Ion Exchange Resin
Formulations containing weak acid ion exchange resins (IER) are frequently used for immediate release of pharmaceutical agents in a patient's stomach. However, release from weak acid resins is slowed and/or reduced at higher than normal stomach pH levels. High pH levels could occur if the patient is taking medications such as proton pump inhibitors (PPIs) or has a disease state that induces hypochlorhydria or achlorhydria. In either case, a weak acid formulation may not release the medicament at a rate or to an extent adequate to achieve the desired therapeutic effect.

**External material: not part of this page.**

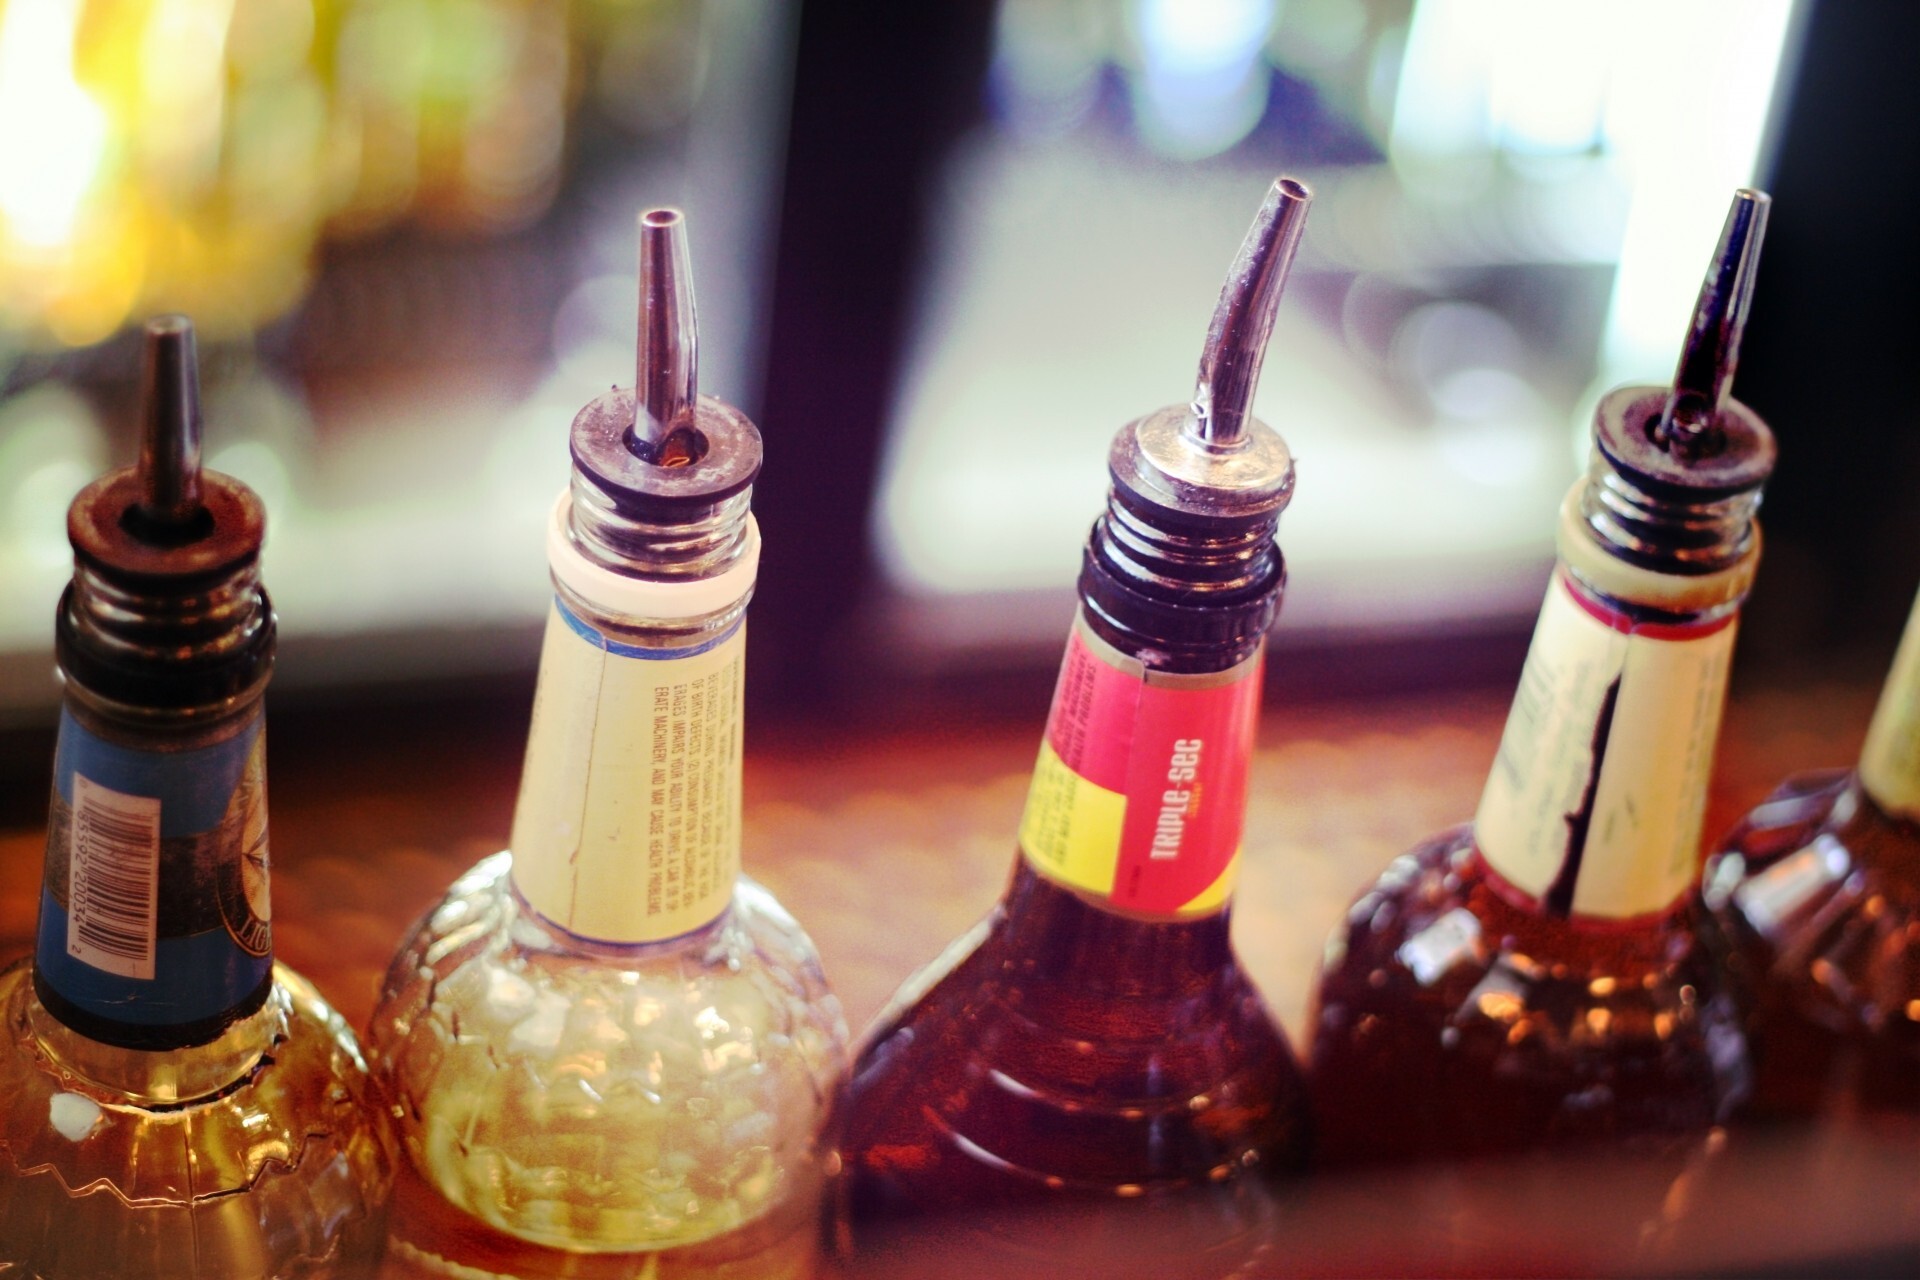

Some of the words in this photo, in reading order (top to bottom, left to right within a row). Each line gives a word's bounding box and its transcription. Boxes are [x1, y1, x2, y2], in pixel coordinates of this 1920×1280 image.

Approximately 60 million prescriptions were written for PPIs in 2006. Additionally, in the U.S., another 10 million people were reported to have self medicated with PPIs in 2008. Furthermore, about one in three adults used antacids on a regular basis. Collectively, these statistics suggest that close to 100 million people in the U.S. could be taking a drug that could significantly interfere with the release profile of a weak acid IER formulation. The history of prior art dosage forms indicates that a serious need exists for a novel and useful solid oral dosage form that provides an unexpected advancement in the science of IER dosage forms. For example, prior art dosage forms lack the ability to provide the immediate release properties of weak acid IER formulations when administered to a patient with stomach pH environments at about 1.5 to 2.0 and above. Surprisingly and unexpectedly, weak acid resinates can be formulated to have immediate release characteristics at pH levels above about 1.5 to 2.0. The present invention creates a release enhancing weak acid resin drug formulation by adding a release enhancing agent to the formulation to increase the rate and extent of drug release from the formulation such that it meets an a priori definition of immediate release.

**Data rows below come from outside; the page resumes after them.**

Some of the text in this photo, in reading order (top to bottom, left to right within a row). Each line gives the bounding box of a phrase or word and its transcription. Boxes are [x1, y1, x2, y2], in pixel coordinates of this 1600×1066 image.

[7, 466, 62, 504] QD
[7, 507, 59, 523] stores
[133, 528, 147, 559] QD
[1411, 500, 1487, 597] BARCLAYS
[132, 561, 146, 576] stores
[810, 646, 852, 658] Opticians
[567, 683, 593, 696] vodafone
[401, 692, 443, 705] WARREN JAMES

Surprisingly it has been found that by adding a release enhancing agent with a strong affinity for the ionic resin to a weak acid resin drug formulation, much more rapid and complete release of a resinated drug can be attained in abnormal gastric fluid than otherwise would occur without the presence of the release enhancing agent in abnormal human gastric fluid wherein the pH is much higher than normal due to the use of drugs such as PPI or the presence of disease states such as H. pylori or atrophic gastritis that can lead to hypochlorhydria and achlorhydria.
Thus, one can attain the rapid release properties of weak acid resinates while retaining the low sensitivity to pH change associated strong acid resins by adding a release enhancing agent to the weak acid drug formulation.